# [Excerpted data]

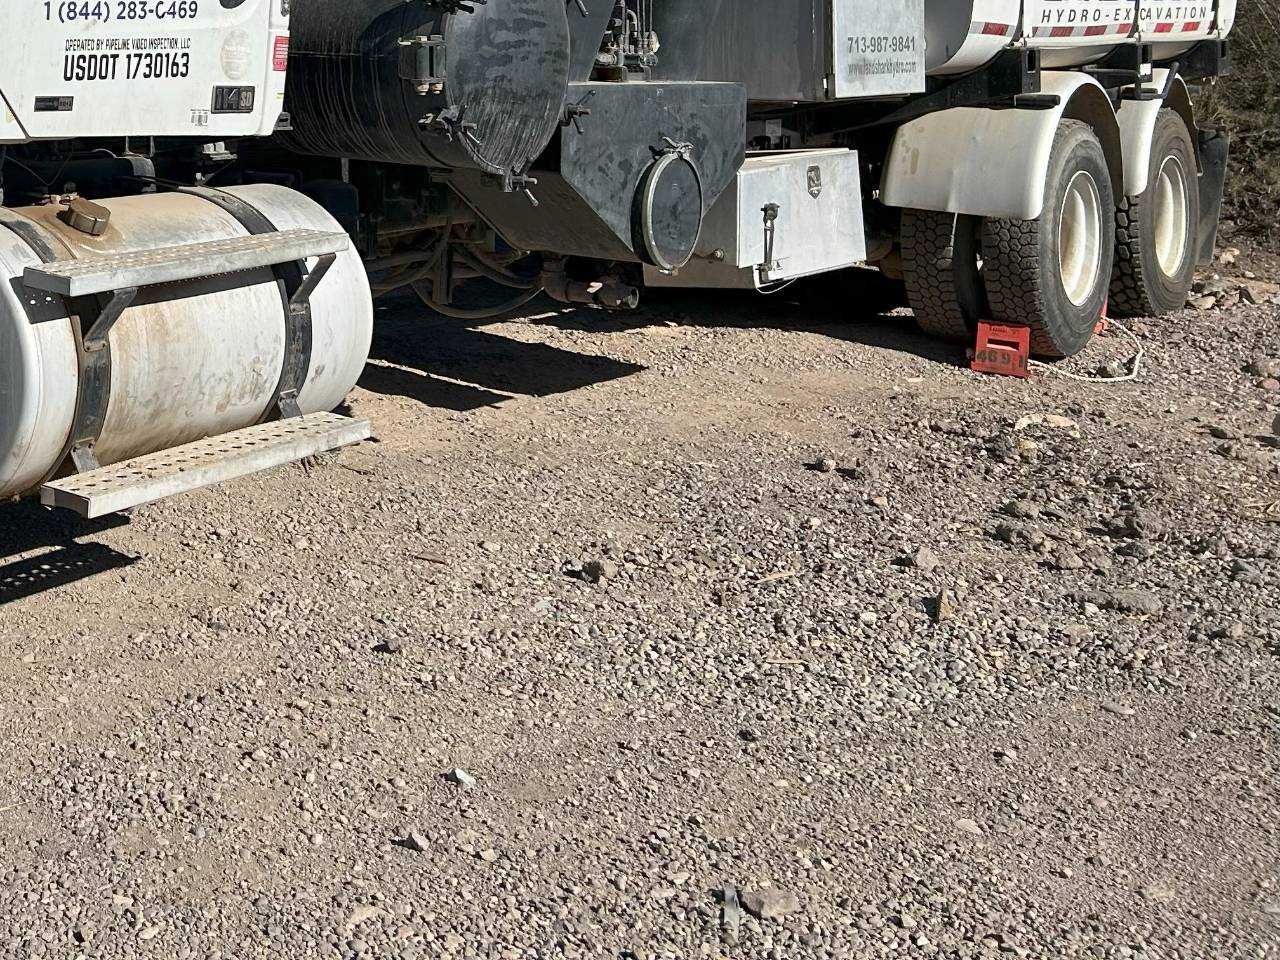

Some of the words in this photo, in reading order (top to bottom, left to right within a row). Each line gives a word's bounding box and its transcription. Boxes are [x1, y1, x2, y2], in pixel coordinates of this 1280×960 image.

[44, 1, 50, 20] 1
[58, 0, 110, 23] (844)
[1041, 6, 1207, 23] HYDRO-EXCAVATION
[65, 39, 95, 51] OPERATED
[96, 39, 104, 51] BY
[105, 38, 130, 50] PIPELINE
[131, 38, 148, 50] VIDEO
[180, 37, 191, 49] LLC
[847, 36, 915, 53] 713-987-9841
[64, 53, 119, 81] USDOT
[125, 52, 190, 79] 1730163

# [Exercise goal]
Repeat the listing exactly; do not print any picture.

# [Result]
Some of the words in this photo, in reading order (top to bottom, left to right within a row). Each line gives a word's bounding box and its transcription. Boxes are [x1, y1, x2, y2], in pixel coordinates of this 1280×960 image.

[44, 1, 50, 20] 1
[58, 0, 110, 23] (844)
[1041, 6, 1207, 23] HYDRO-EXCAVATION
[65, 39, 95, 51] OPERATED
[96, 39, 104, 51] BY
[105, 38, 130, 50] PIPELINE
[131, 38, 148, 50] VIDEO
[180, 37, 191, 49] LLC
[847, 36, 915, 53] 713-987-9841
[64, 53, 119, 81] USDOT
[125, 52, 190, 79] 1730163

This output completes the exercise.